## [Exercise brief]
Repeat every record exactly, but keep images out of the copy.

START Records supplied

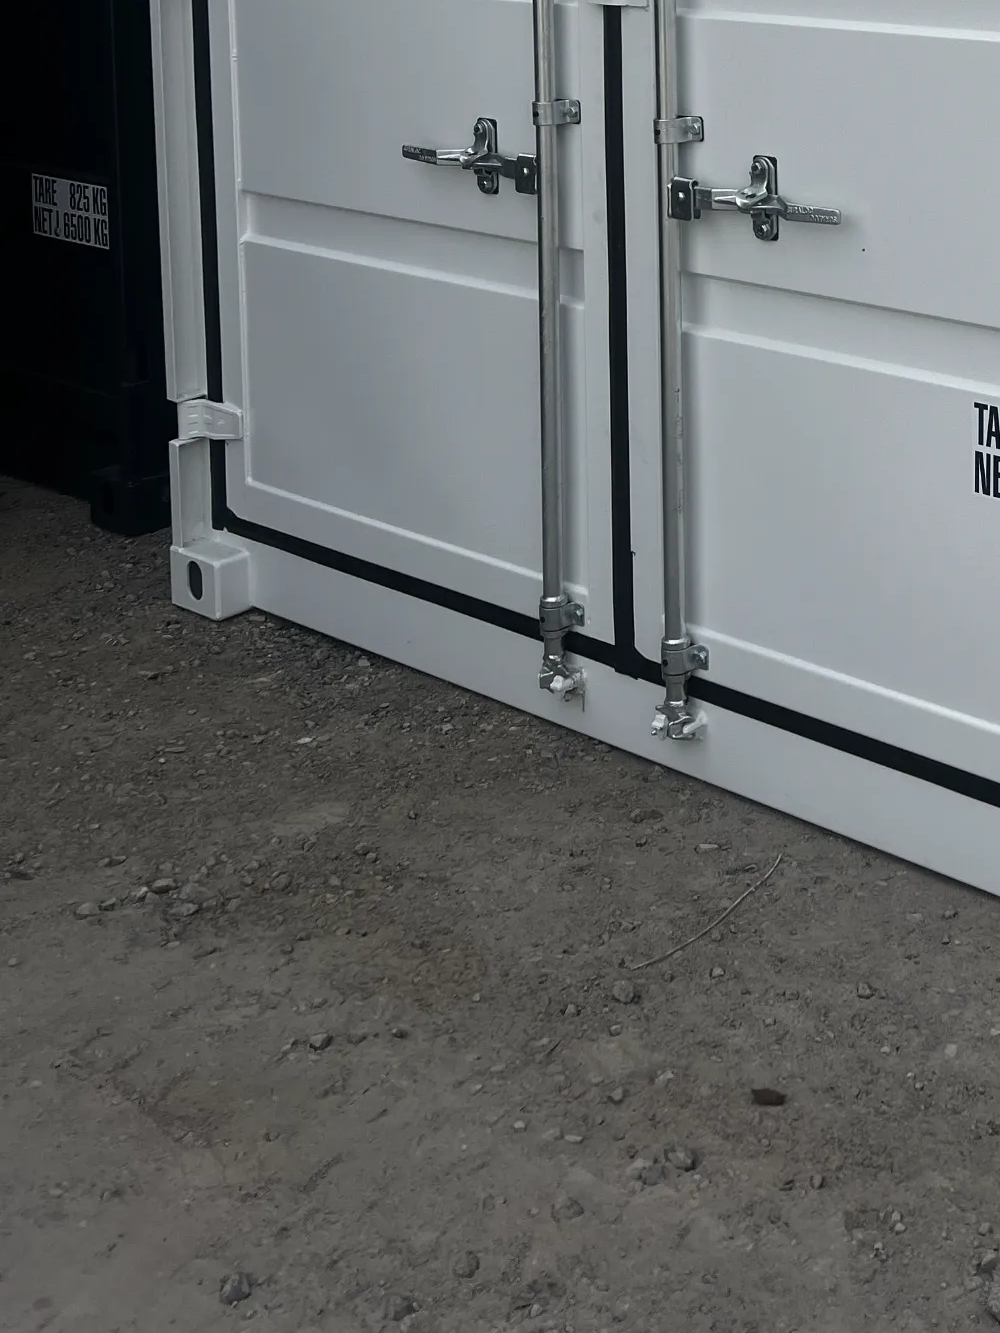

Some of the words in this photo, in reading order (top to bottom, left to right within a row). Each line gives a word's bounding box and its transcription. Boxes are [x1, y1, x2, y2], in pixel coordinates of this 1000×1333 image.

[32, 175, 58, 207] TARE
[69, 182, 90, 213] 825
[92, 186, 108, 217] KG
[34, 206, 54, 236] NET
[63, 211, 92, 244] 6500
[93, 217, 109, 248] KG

END Records supplied

## [Response]
Some of the words in this photo, in reading order (top to bottom, left to right within a row). Each line gives a word's bounding box and its transcription. Boxes are [x1, y1, x2, y2], in pixel coordinates of this 1000×1333 image.

[32, 175, 58, 207] TARE
[69, 182, 90, 213] 825
[92, 186, 108, 217] KG
[34, 206, 54, 236] NET
[63, 211, 92, 244] 6500
[93, 217, 109, 248] KG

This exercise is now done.